Let me show you one example 
import apache_beam as beam
def categorize_explode(text):
  result = text.split(':')
  category = result[0]
  elements = result[1].split(',')
  return list(map(lambda x: (category, x), elements))
with beam.Pipeline() as pipeline:
  things = (
      pipeline
      | 'Categories and Elements' >> beam.Create(["Vehicles:Car,Jeep,Truck,BUS,AIRPLANE","FOOD:Burger,SANDWICH,ICECREAM,APPLE"])

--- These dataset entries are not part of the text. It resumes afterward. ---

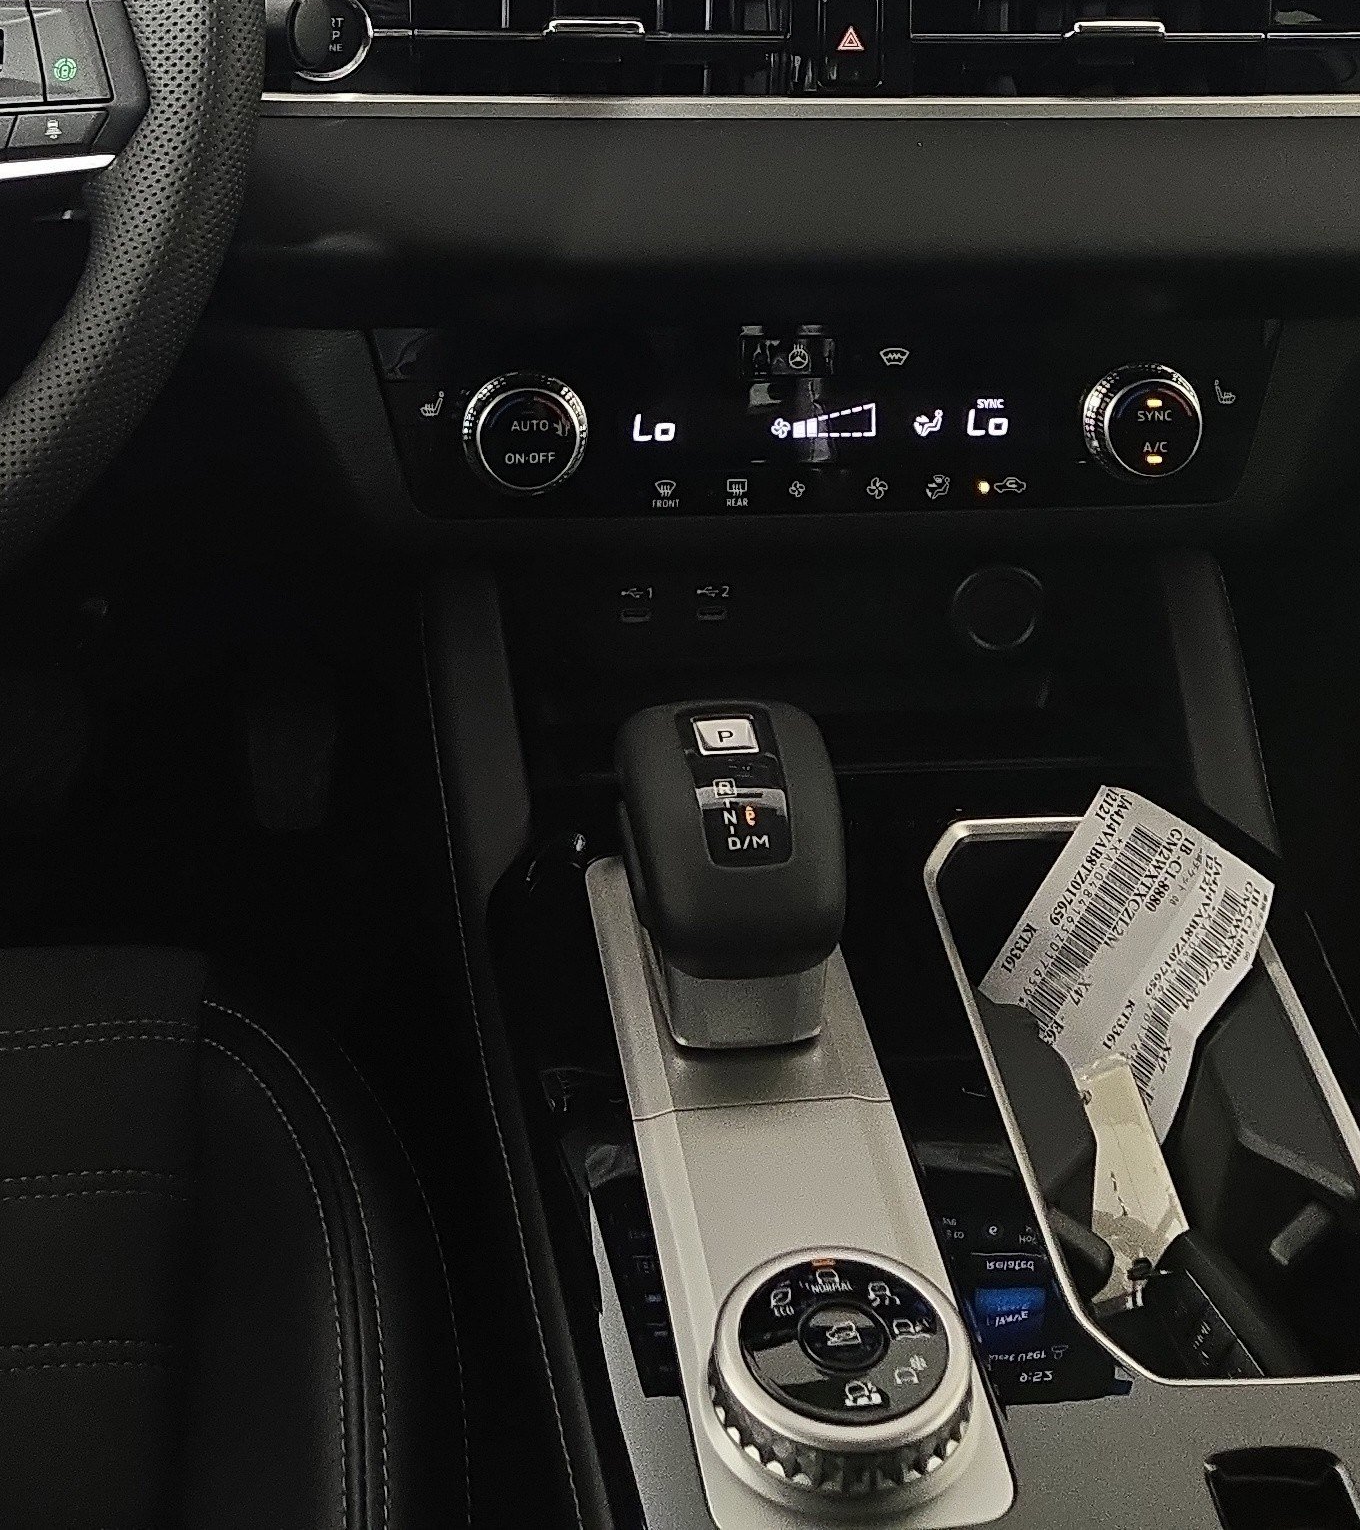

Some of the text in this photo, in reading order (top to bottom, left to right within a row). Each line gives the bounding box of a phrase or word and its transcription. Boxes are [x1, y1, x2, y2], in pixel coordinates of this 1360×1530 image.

[977, 398, 1004, 409] SYNC
[1136, 410, 1173, 423] SYNC
[511, 420, 549, 432] AUTO
[1143, 441, 1168, 454] A/C
[652, 498, 680, 509] FRONT
[726, 497, 749, 508] REAR
[717, 729, 734, 743] P
[723, 810, 738, 825] N
[728, 834, 770, 851] D/M
[1045, 793, 1134, 928] JA4J4VAB8TZ017659
[999, 922, 1037, 973] KT3361

      | 'Explode' >> beam.FlatMap(categorize_explode)
      | beam.Map(print)
  )
As you can see categorize_explode function splits the strings into categories and corresponding elements and returns iterator like [('Vehicles','Car'),('Vehicles','Jeep'),...]

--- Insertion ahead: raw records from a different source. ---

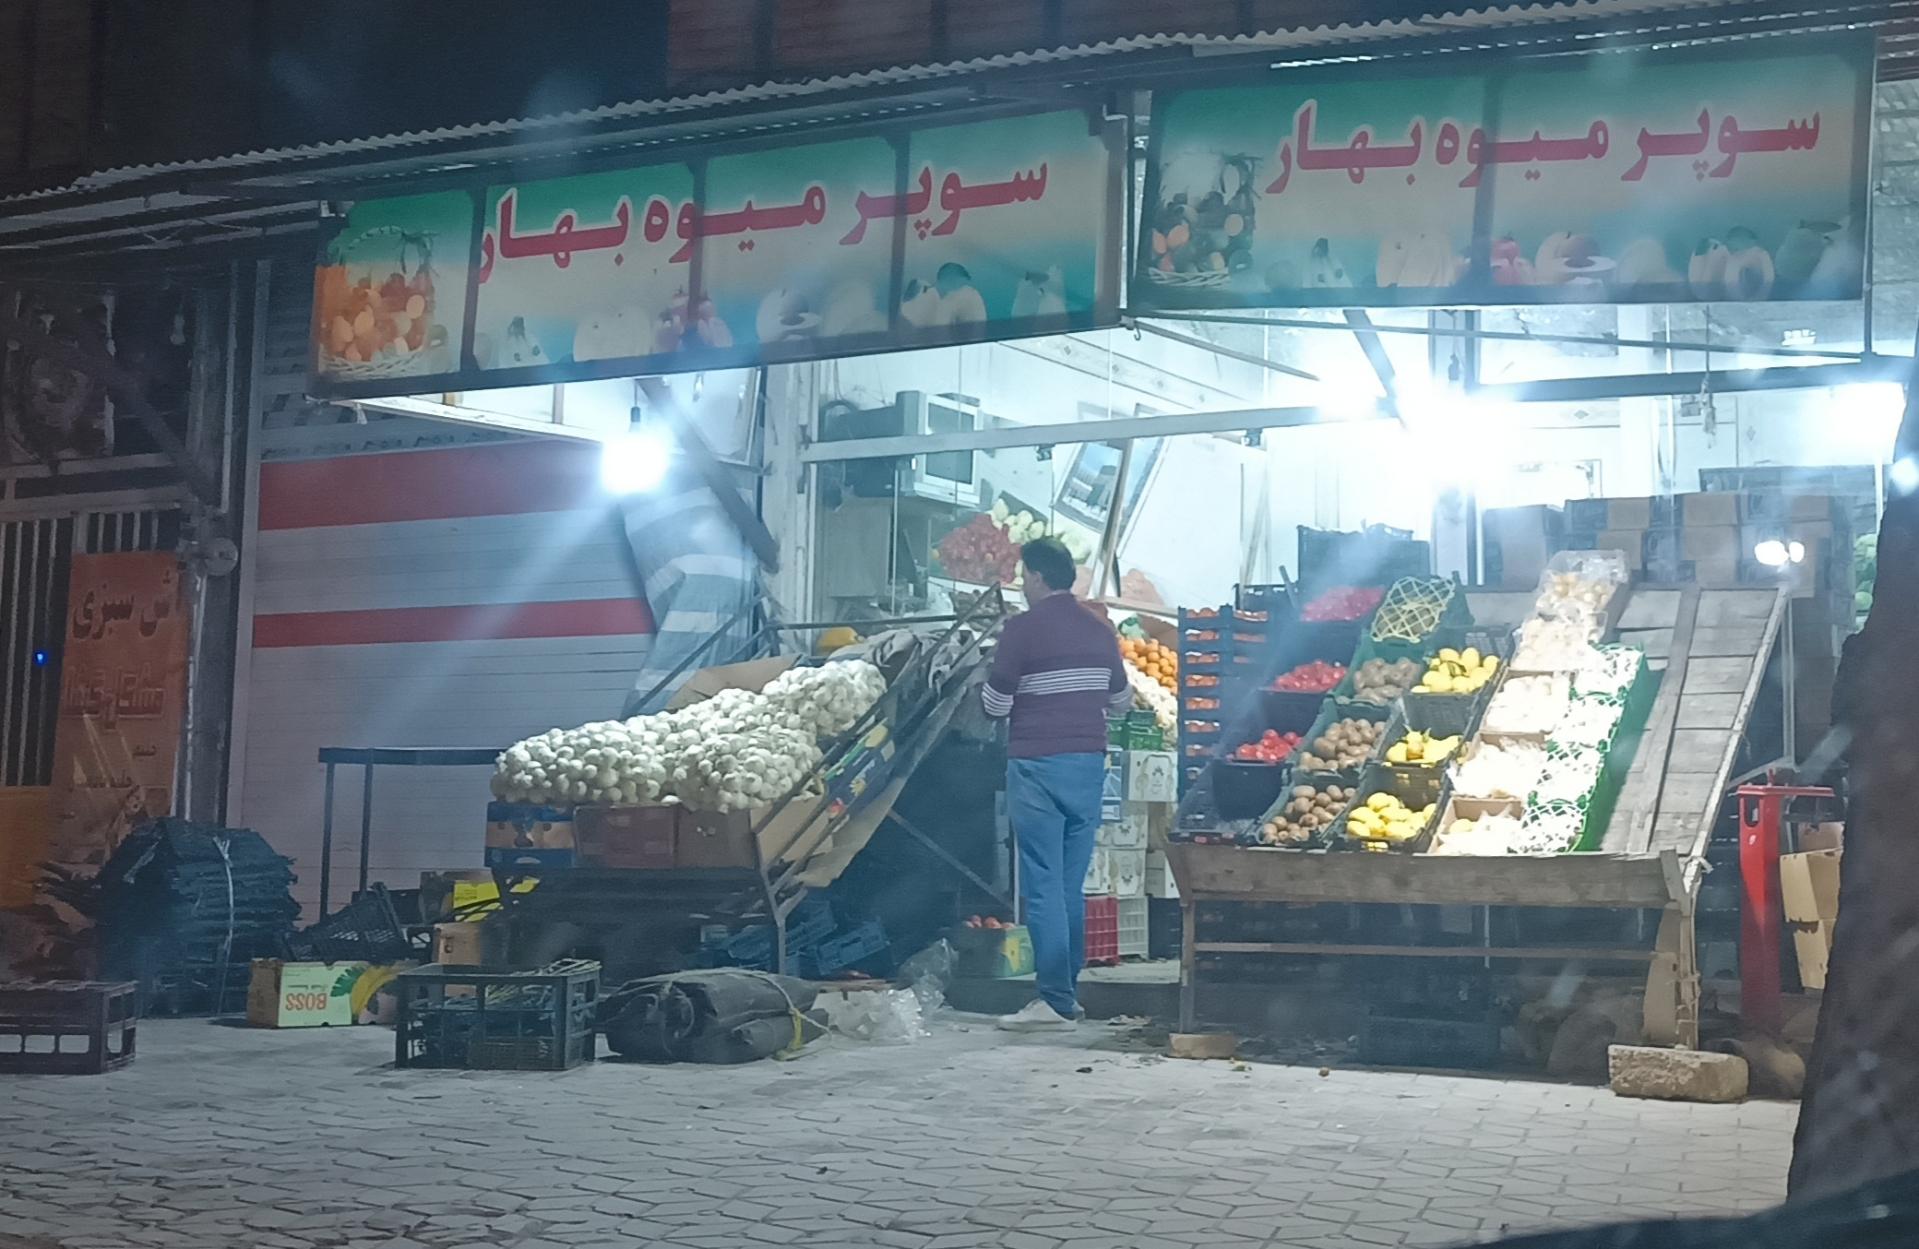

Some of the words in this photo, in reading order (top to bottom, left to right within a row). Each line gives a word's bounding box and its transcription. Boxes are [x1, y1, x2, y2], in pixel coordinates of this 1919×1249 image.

[1265, 105, 1422, 194] بهار
[1436, 119, 1609, 189] میوه
[1621, 107, 1820, 182] سوپر
[477, 194, 630, 285] بهار
[644, 185, 826, 264] میوه
[838, 162, 1048, 245] سوپر
[286, 992, 327, 1011] BOSS

FlatMap takes each element in this iterator and treats each element as a separate element in PCollection.
So the result would be:
('Vehicles', 'Car')
('Vehicles', 'Jeep')
('Vehicles', 'Truck')
('Vehicles', 'BUS')
('Vehicles', 'AIRPLANE')
('FOOD', 'Burger')
('FOOD', 'SANDWICH')
('FOOD', 'ICECREAM')
('FOOD', 'APPLE')
While Map performs one to one mapping. i.e. this iterator [('Vehicles','Car'),('Vehicles','Jeep'),...] would be returned as it is.
So the result would be for Map:
[('Vehicles', 'Car'), ('Vehicles', 'Jeep'), ('Vehicles', 'Truck'), ('Vehicles', 'BUS'), ('Vehicles', 'AIRPLANE')]
[('FOOD', 'Burger'), ('FOOD', 'SANDWICH'), ('FOOD', 'ICECREAM'), ('FOOD', 'APPLE')]
The approach I have used is somewhat similar to spark explode transform.
Hope this helps!!!